Page 51 of Wished

He’s asking more than he’s willing to say. But I hear his meaning anyway.

“Yes, please.”

He smiles.

I take his hand.

16

We beginat Paris Point Zero. It’s a small circle with eight triangular points set into an octagon set in paving stones. Max tells me it’s from here that all distances in Paris are measured. Paris Point Zero is hidden under a massive line of people waiting to enter Notre-Dame, and most of them trod over the stones without looking down.

Max claims that if we’re going to get lost, then we might as well start at the heart, in the center, at the very middle of the maze.

“Do your worst,” he says, giving my hand a squeeze.

I grin at him as a stiff spring breeze tugs at my dress and whistles around the stone walls and spires. The cobblestone area in front of Notre-Dame is crowded, and even though I’m standing close to Max, holding his hand, I still feel jostled and jarred.

I spin in a circle and Max shifts with me. I keep turning until all the stone and spires and gargoyles and sky have blended together in a dizzying swirl. Then I stop and thrust my finger, pointing away from Notre-Dame, along the lazily flowing Seine, down the Parvis de Notre Dame.
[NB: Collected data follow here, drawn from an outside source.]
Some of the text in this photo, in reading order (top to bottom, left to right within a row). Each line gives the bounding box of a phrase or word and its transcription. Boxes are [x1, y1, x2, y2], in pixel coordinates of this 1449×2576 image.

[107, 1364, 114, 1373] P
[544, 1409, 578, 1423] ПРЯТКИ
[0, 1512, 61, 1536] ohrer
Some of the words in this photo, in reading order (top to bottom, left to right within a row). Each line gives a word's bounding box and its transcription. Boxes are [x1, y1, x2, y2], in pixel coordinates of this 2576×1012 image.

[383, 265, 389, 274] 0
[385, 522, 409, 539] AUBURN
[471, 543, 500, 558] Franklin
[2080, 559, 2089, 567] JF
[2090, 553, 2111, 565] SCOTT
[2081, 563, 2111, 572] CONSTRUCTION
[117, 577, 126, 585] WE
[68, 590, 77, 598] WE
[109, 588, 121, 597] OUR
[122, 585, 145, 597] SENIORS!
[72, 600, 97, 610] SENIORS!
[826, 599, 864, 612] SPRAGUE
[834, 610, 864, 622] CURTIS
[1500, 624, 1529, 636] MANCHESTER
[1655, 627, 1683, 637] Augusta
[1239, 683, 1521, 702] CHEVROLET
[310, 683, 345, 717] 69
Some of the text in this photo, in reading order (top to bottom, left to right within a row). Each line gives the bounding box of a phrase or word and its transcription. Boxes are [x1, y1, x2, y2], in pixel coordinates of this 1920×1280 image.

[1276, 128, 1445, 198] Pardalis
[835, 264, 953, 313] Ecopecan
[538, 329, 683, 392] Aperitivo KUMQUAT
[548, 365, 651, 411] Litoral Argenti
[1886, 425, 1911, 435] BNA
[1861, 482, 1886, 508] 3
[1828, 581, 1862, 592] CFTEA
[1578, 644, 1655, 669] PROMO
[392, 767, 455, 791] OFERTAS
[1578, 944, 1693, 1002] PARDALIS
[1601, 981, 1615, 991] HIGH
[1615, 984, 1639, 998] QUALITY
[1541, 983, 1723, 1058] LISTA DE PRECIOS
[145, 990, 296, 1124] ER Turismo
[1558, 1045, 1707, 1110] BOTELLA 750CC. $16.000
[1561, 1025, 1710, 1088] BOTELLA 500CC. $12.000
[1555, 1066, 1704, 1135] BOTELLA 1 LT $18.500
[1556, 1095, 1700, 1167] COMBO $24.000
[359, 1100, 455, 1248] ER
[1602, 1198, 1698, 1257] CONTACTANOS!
“That way,” I say, wobbling on my feet.

Max tugs me close. “Not back to Notre-Dame to see the Crown of Thorns or catch Quasimodo at the top of the tower?”

I shake my head. “If I go that way, I won’t be lost, will I? And what’s the fun in that? If you already know what you’ll find, then there really isn’t any point in going.”

Max studies me, and even though there are about a hundred zillion people whirling around us, jockeying for pictures or jostling in line or cutting across the cobblestones, he makes me feel as if we’re all alone.

“I don’t know,” he finally says. “I have to admit, I prefer familiarity and comfort. I like going to destinations where I know exactly what to expect. I like people who are constant and true. In my experience the unexpected never brings anything good.”

A car horn cuts across the noise, and Max’s eyes flicker as he looks toward the stone bridge straddling the Seine.

It’s interesting. I thought I knew Max. I thought I knew his habits, his personality, his likes and dislikes. But every minute with him, something new unfolds. I wonder how much we’ll discover about each other, spending the day together.

How much can you learn about someone in a day? And at what point do you stop looking and decide you know everything there is to know? That belief is never true. You can’t ever knoweverything. But at some point people become comfortable with each other and stop looking for the unexpected and only see the expected.

Right now, though, everything is unexpected.

Even the way Max rubs the back of his neck and wrinkles his brow at the truck honking again then rumbling down the street, back toward the flower market.

When he turns back to me, he gives a small smile and absently runs his thumb over the back of my hand.

“I think,” I tell him, enjoying the way his thumb kisses my skin as gently as a spring breeze, “I’m going to give you a gift.”

“Really?” His thumb stills, and I lean closer.

“Yes. Today you gave me Paris. In return I’m going to give you the joy of surprises. I’m going to help you delight in the unexpected. That way, from now on, you can have at least one time in your life that the unexpected brought you something good.”

He smiles at that, his eyes crinkling at their corners. “Lead on.”

Above pigeons flutter against the clear blue sky, their wings beating like an elated heart, echoing across the stone. I grin and pull Max with me, clasping his hand.

After we cross the street I tug Max toward an elegant sandstone building called the Hôtel Dieu. Inside the courtyard there’s a beautiful Italianate garden with a maze of shrubs and blooming flowers set against stone archways, long stone sunlit galleries, and twisting stairways.

The courtyard is quiet, a contrast to the crowds and noise outside Notre-Dame. A fat bumblebee buzzes past, landing on a deep red geranium. The garden smells like soil and wet mulch and spring blooms.

“I like how they called this the Hotel of God,” I say, taking in the stairs curving around us as if they’re leading up to the heavens.

“It was quite common to call Catholic charity hospitals God’s hostel,” Max says with a wry smile.